DATA PROVIDED —
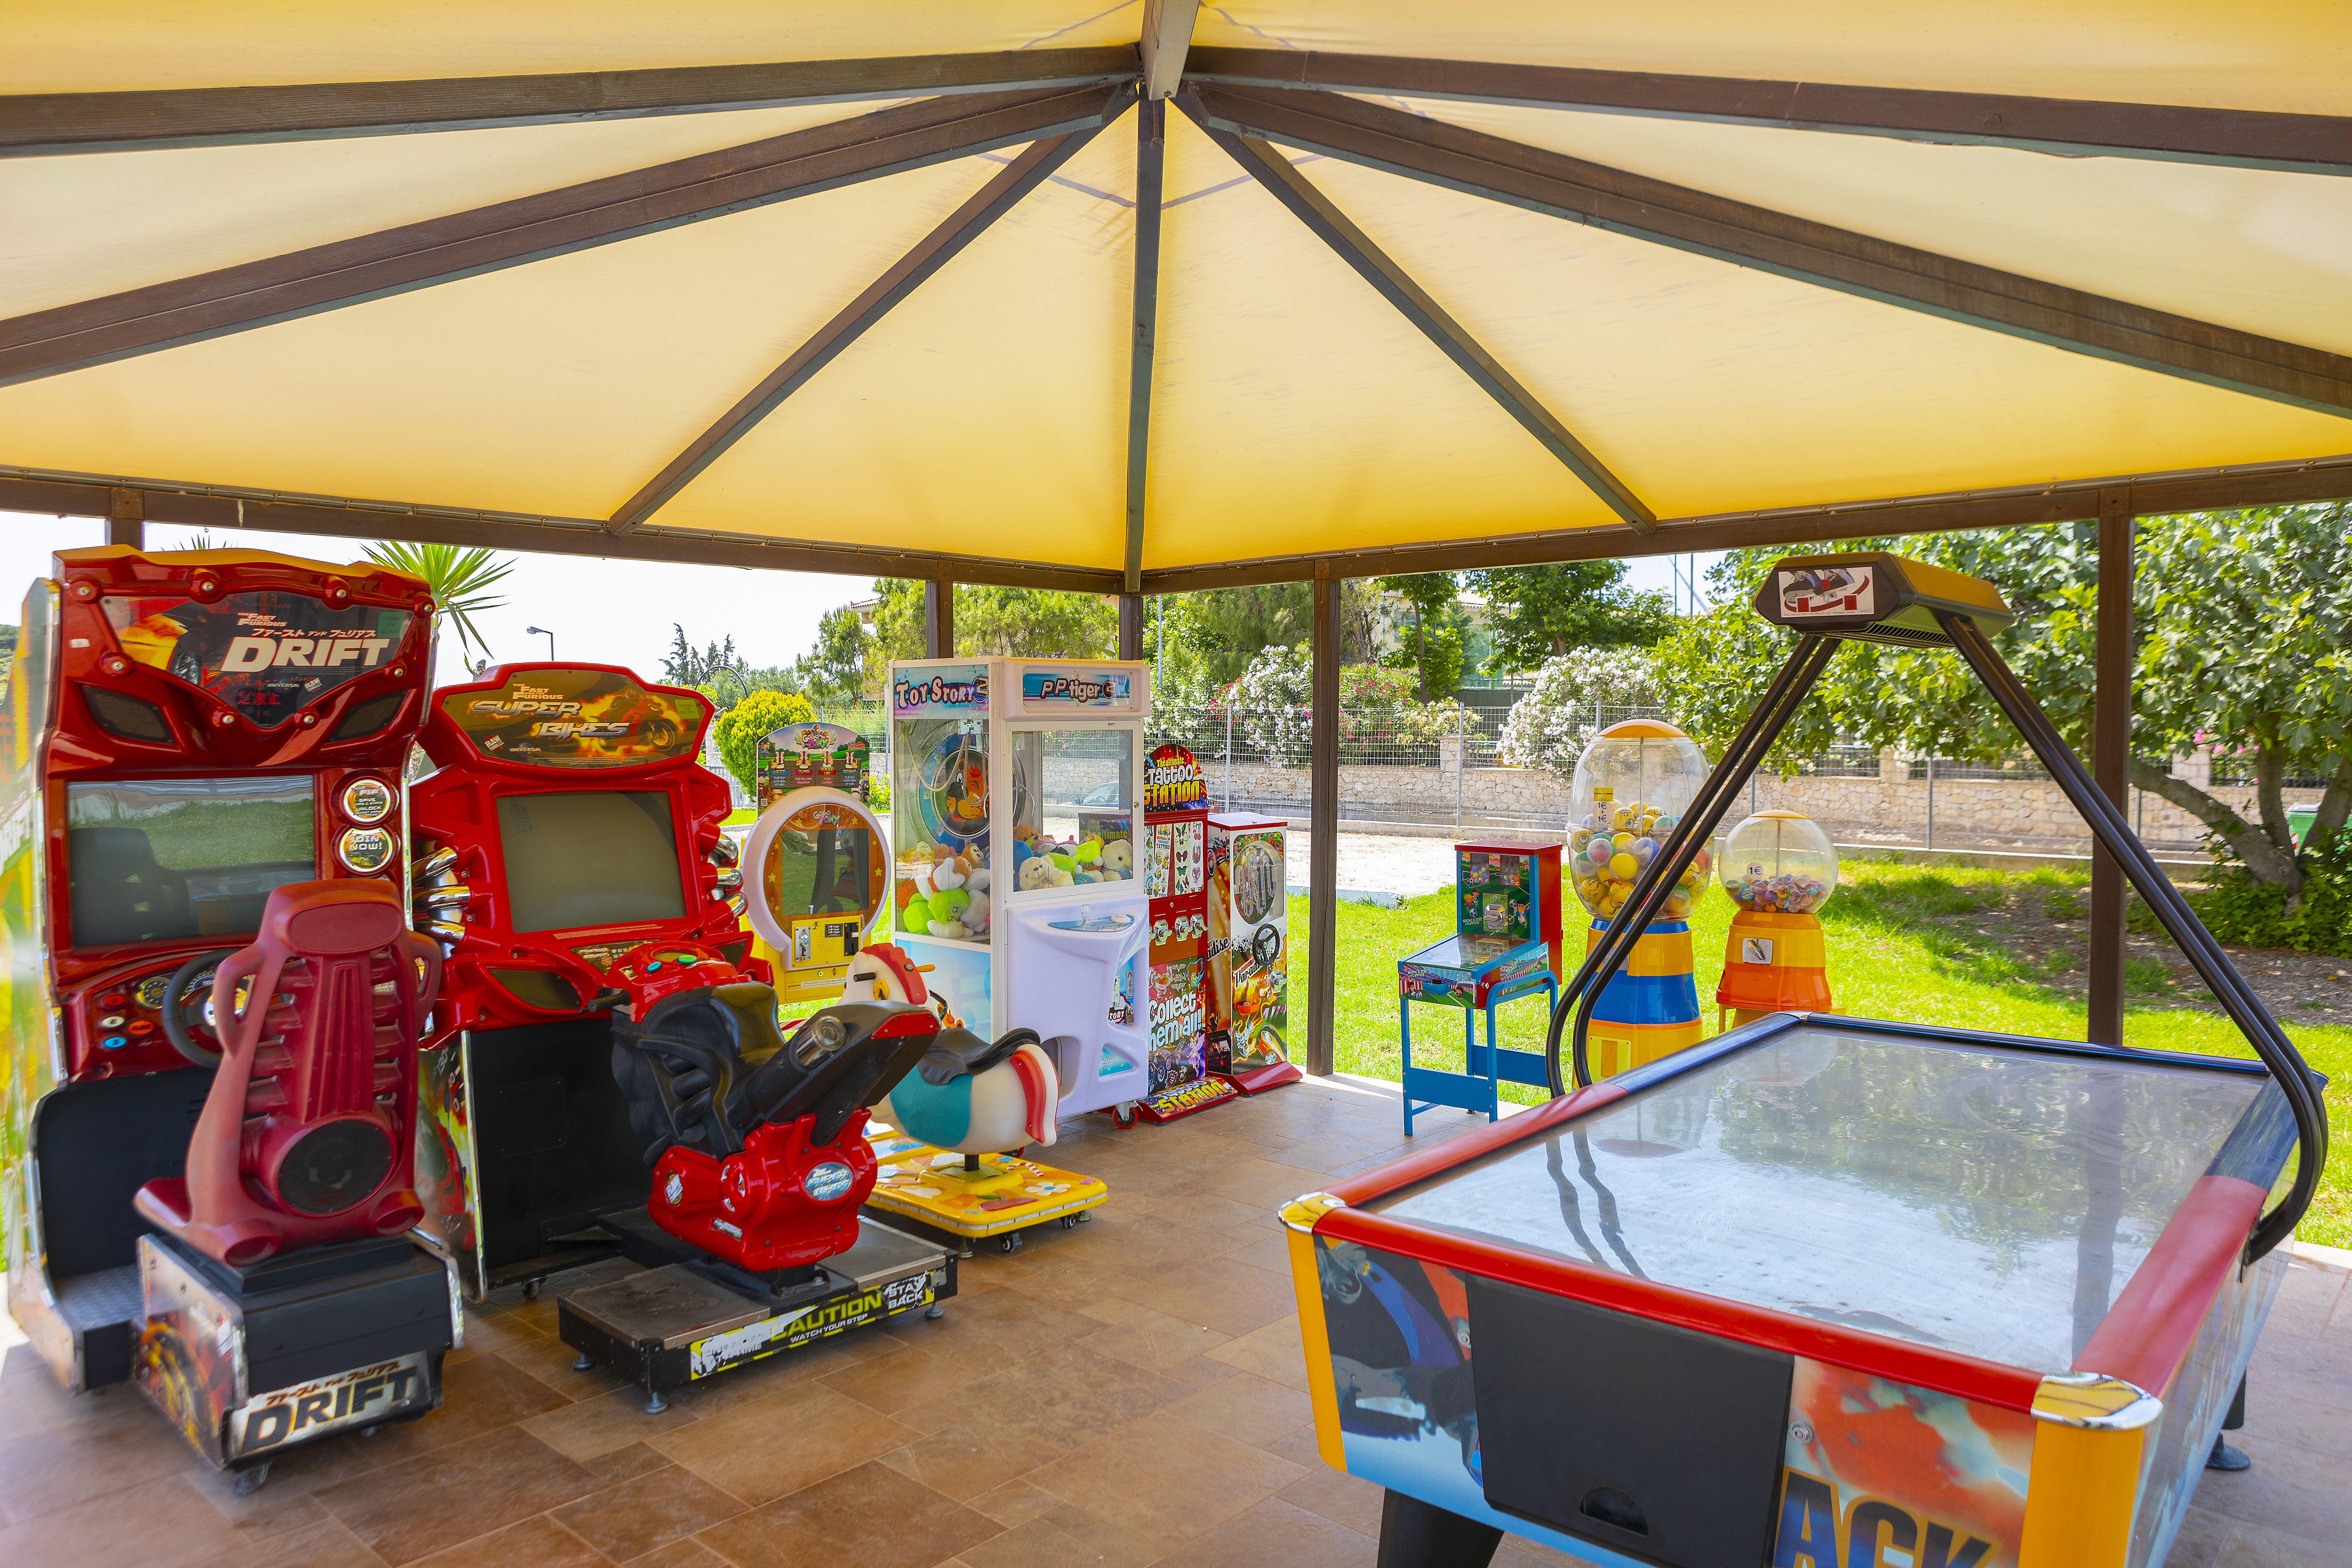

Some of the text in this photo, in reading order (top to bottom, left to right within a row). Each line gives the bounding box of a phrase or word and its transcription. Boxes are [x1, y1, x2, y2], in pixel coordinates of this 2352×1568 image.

[237, 618, 287, 626] FURIOUS
[251, 628, 305, 637] ファースト
[330, 630, 376, 638] フュリアス
[220, 636, 390, 672] DRIFT
[304, 677, 321, 688] RAW
[1069, 679, 1101, 703] tiger
[512, 691, 564, 700] FURIOUS
[895, 680, 929, 709] TOY
[930, 676, 975, 703] STORY
[471, 701, 583, 717] SUPER
[538, 722, 630, 739] BIKES
[485, 735, 502, 748] RAW
[488, 741, 505, 751] THRILLS
[808, 739, 829, 749] PONY
[1157, 757, 1184, 768] The ultimate
[1148, 764, 1193, 786] Tattoo
[1144, 780, 1200, 807] STATION
[813, 810, 831, 819] GOGO
[819, 815, 840, 826] PONY
[350, 842, 383, 851] NOW!
[1749, 866, 1762, 875] 1€
[1208, 938, 1230, 959] adise
[1109, 1011, 1125, 1020] TORY
[1149, 993, 1196, 1027] Collect
[1149, 1008, 1202, 1052] hem all!
[1158, 1081, 1229, 1113] STATION
[808, 1169, 848, 1187] SUPER
[813, 1178, 850, 1196] BIKES
[888, 1281, 920, 1298] STAY
[888, 1290, 924, 1310] BACK
[769, 1293, 883, 1343] CAUTION
[790, 1313, 868, 1343] WATCH YOUR STEP
[241, 1365, 417, 1452] DRIFT

THE TASK — Reproduce the data above exactly, leaving out any picture in it.

EXERCISE ANSWER —
Some of the text in this photo, in reading order (top to bottom, left to right within a row). Each line gives the bounding box of a phrase or word and its transcription. Boxes are [x1, y1, x2, y2], in pixel coordinates of this 2352×1568 image.

[237, 618, 287, 626] FURIOUS
[251, 628, 305, 637] ファースト
[330, 630, 376, 638] フュリアス
[220, 636, 390, 672] DRIFT
[304, 677, 321, 688] RAW
[1069, 679, 1101, 703] tiger
[512, 691, 564, 700] FURIOUS
[895, 680, 929, 709] TOY
[930, 676, 975, 703] STORY
[471, 701, 583, 717] SUPER
[538, 722, 630, 739] BIKES
[485, 735, 502, 748] RAW
[488, 741, 505, 751] THRILLS
[808, 739, 829, 749] PONY
[1157, 757, 1184, 768] The ultimate
[1148, 764, 1193, 786] Tattoo
[1144, 780, 1200, 807] STATION
[813, 810, 831, 819] GOGO
[819, 815, 840, 826] PONY
[350, 842, 383, 851] NOW!
[1749, 866, 1762, 875] 1€
[1208, 938, 1230, 959] adise
[1109, 1011, 1125, 1020] TORY
[1149, 993, 1196, 1027] Collect
[1149, 1008, 1202, 1052] hem all!
[1158, 1081, 1229, 1113] STATION
[808, 1169, 848, 1187] SUPER
[813, 1178, 850, 1196] BIKES
[888, 1281, 920, 1298] STAY
[888, 1290, 924, 1310] BACK
[769, 1293, 883, 1343] CAUTION
[790, 1313, 868, 1343] WATCH YOUR STEP
[241, 1365, 417, 1452] DRIFT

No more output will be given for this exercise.